Will doesn’t flinch, he just waits. By the time he opens his eyes again, the light, if it can even be called that here, hasn’t changed at all, but his legs have gone numb, pins and needles creeping up his calves. He shifts with a wince, bracing a hand against the ground as he pushes himself upright. “Figures,” he mumbles, more to fill the silence than anything else.

They’ve got her doing something, the way they always do. His gaze drifts back to the building, lingering on the warped outline of the entrance, the place where the fence sags inward like something forced its way through. His stomach twists. “Yeah,” he says under his breath, like he’s answering something no one asked. “You’re busy.”

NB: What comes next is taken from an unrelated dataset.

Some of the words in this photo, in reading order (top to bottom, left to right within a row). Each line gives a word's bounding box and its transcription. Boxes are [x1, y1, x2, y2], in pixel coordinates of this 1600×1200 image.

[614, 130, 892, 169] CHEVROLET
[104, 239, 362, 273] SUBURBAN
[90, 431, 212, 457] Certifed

He turns, brushing dirt off his hands, and starts to stand, then hesitates. The driveway stretches empty between him and the lab, coated in that same thin layer of gray, dust-like ash. No footprints except his own. No movement. It's too empty and it's too quiet, if they send her in again there'll be nothing there and no sign he was waiting.

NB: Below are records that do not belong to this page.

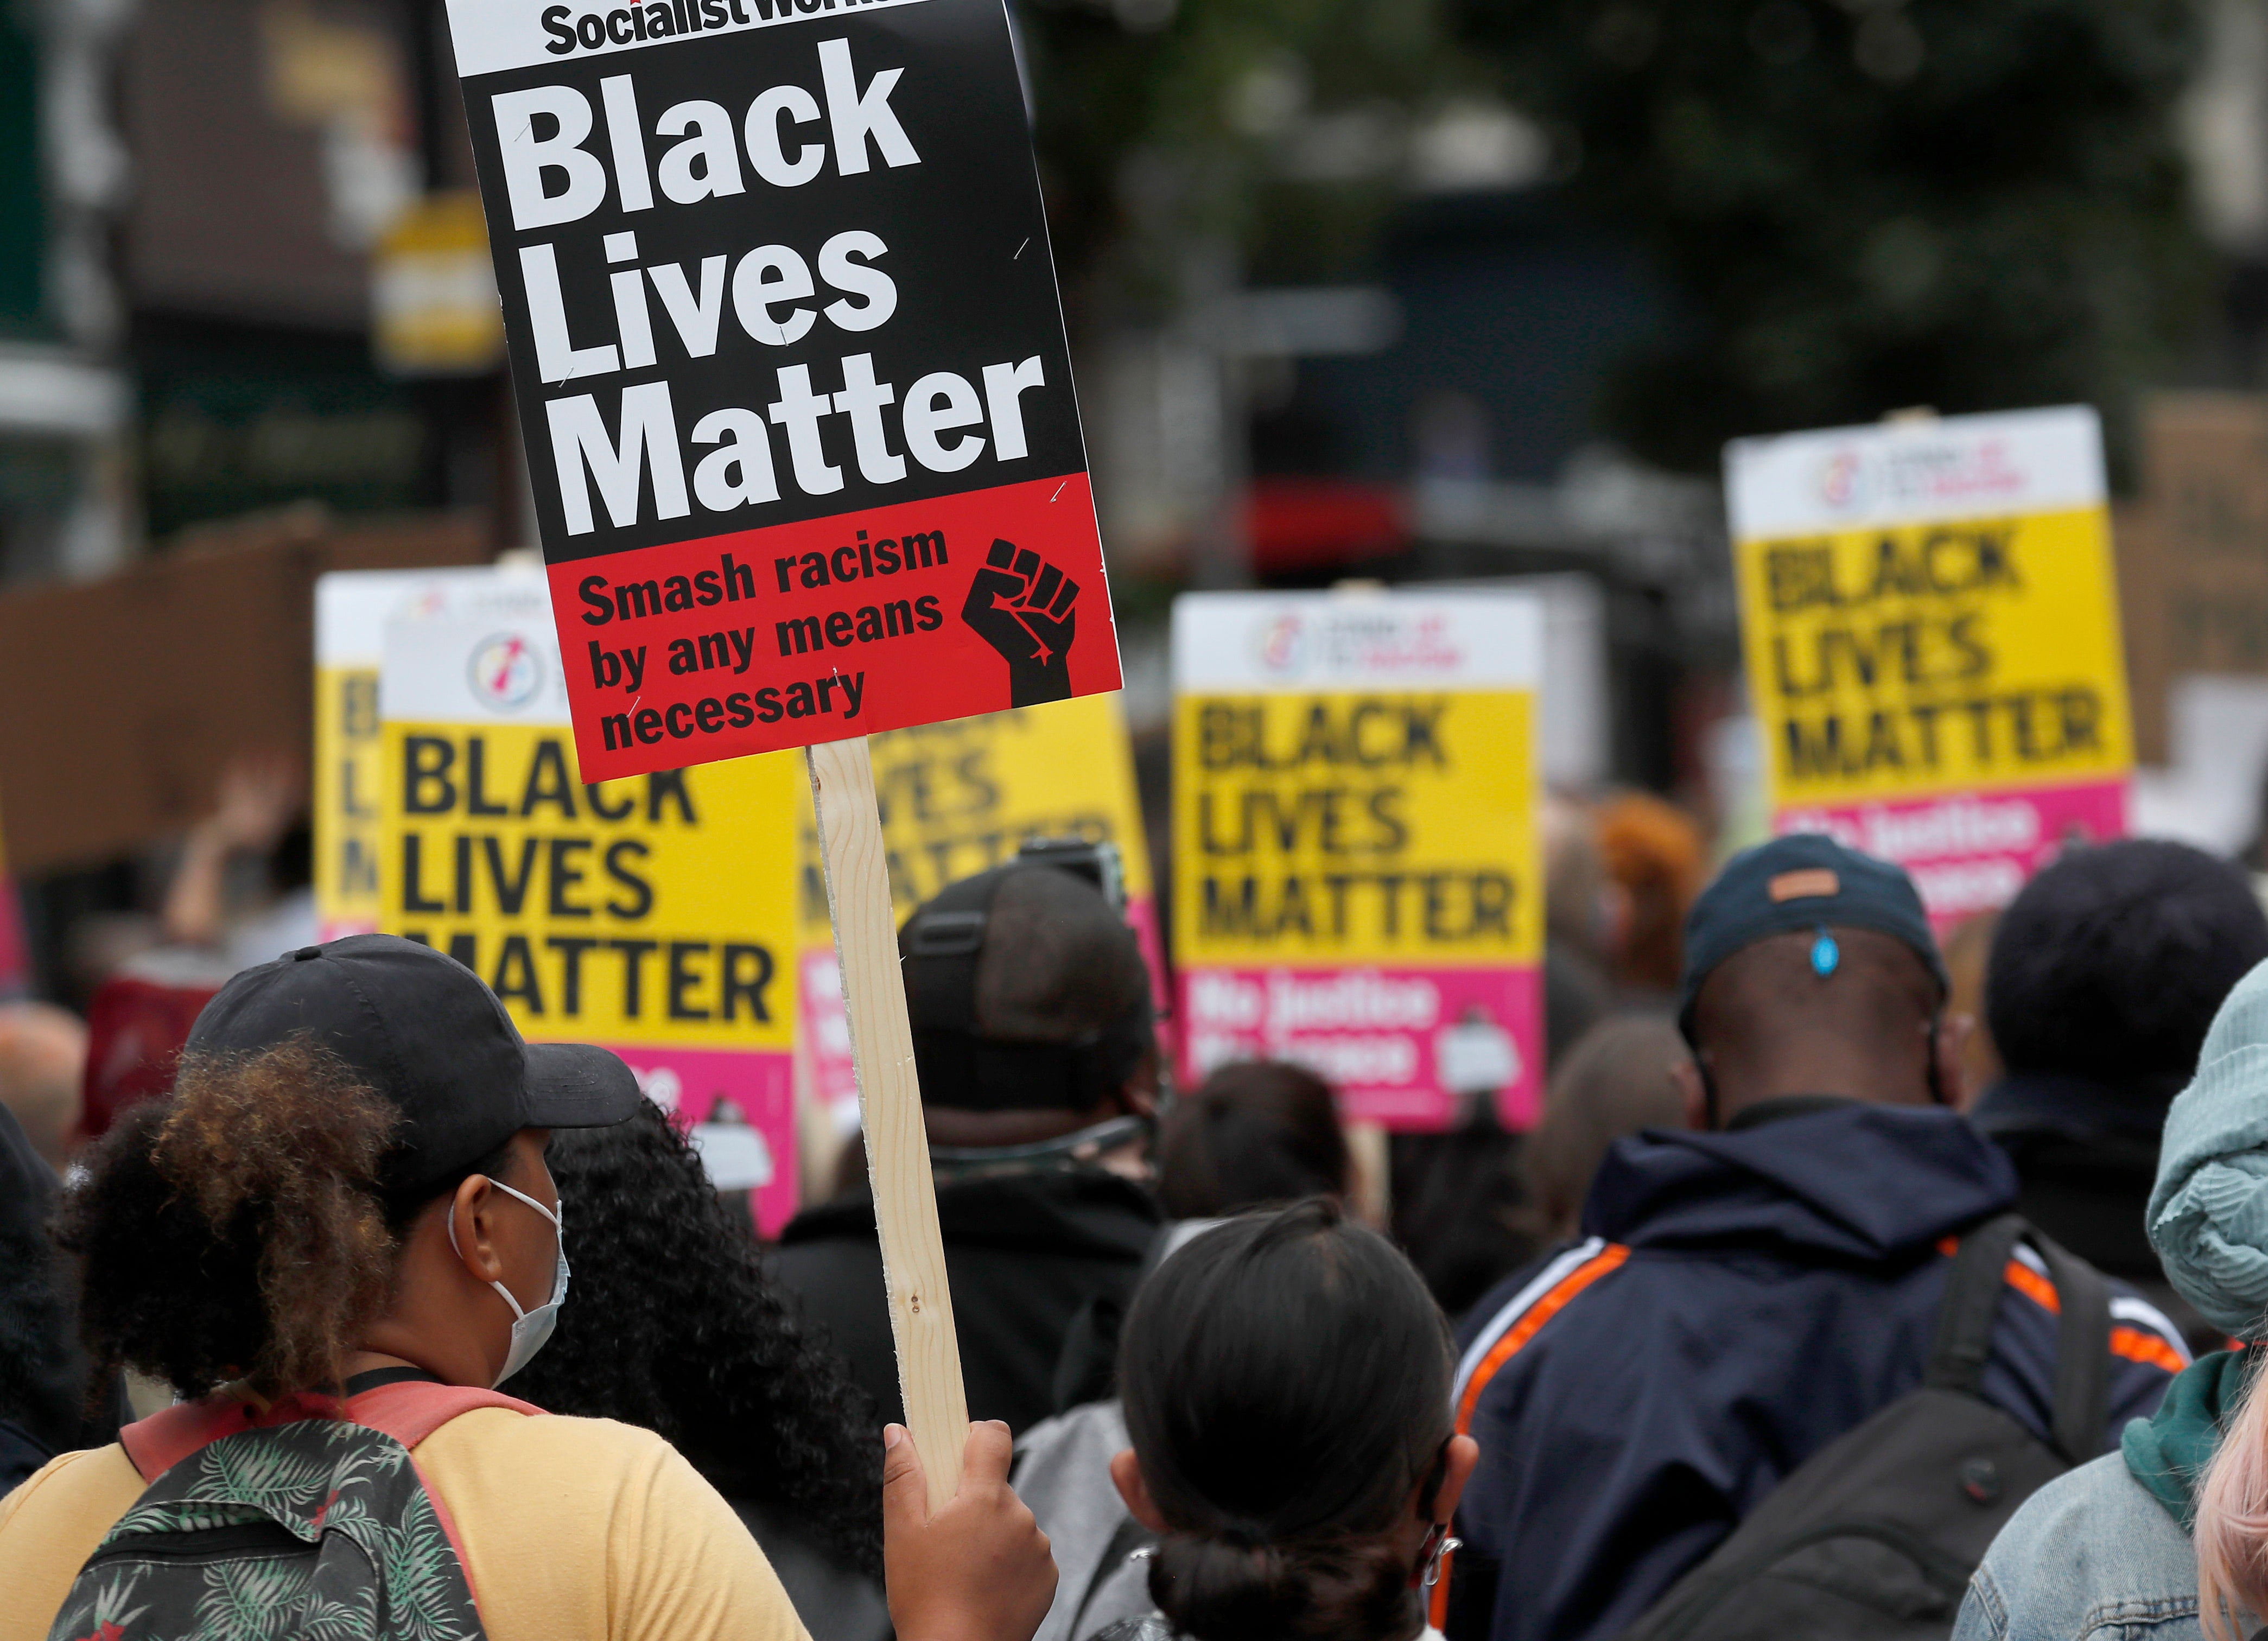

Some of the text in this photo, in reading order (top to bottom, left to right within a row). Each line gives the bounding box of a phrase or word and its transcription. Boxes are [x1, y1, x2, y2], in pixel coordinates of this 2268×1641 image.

[541, 0, 752, 55] Socialist
[491, 37, 922, 232] Black
[518, 230, 898, 387] Lives
[544, 352, 1046, 537] Matter
[578, 552, 756, 626] Smash
[774, 529, 949, 594] racism
[1768, 525, 2022, 612] BLACK
[587, 595, 943, 694] by any means
[1773, 613, 1996, 700] LIVES
[600, 671, 865, 752] necessary
[1202, 699, 1449, 775] BLACK
[1784, 687, 2101, 780] MATTER
[1201, 787, 1412, 855] LIVES
[402, 834, 655, 918] LIVES
[1201, 869, 1515, 942] MATTER

Will huffs out a small, shaky breath, running a hand through his hair. “Stupid,” he spits, but he’s already shrugging off his jacket. “So, so stupid.” It’s too big on him, worn soft at the sleeves, the fabric familiar in a way that makes his chest ache. For a second, he just holds it, fingers tightening in the material. But, Mike's sweater is warm enough, and it's worth the risk.

The metal of the fence is wrong too, the way everything on this side of the veil was. Darkened, veined with something that looks almost organic, like it’s been infected. It hums faintly under his touch, a low vibration he can feel in his bones more than hear. Will swallows and forces himself not to pull away. “Just… take it, okay?” he says quietly, like she’s already there. “ For the next time you come through.” His voice dips, softer. “So you know I was here.” He drapes the jacket carefully over one of the bent wires, making sure it won’t slip. It snags slightly, catching on a jagged edge, and for a second he has to tug it loose before settling it more securely. It hangs there, limp and out of place against the decay. A piece of the real world. “If someone else finds it…” he adds, quieter now, gaze flicking toward the darkened entrance of the lab. “They’ll take it back before they die, and they- they can't know. Remember?”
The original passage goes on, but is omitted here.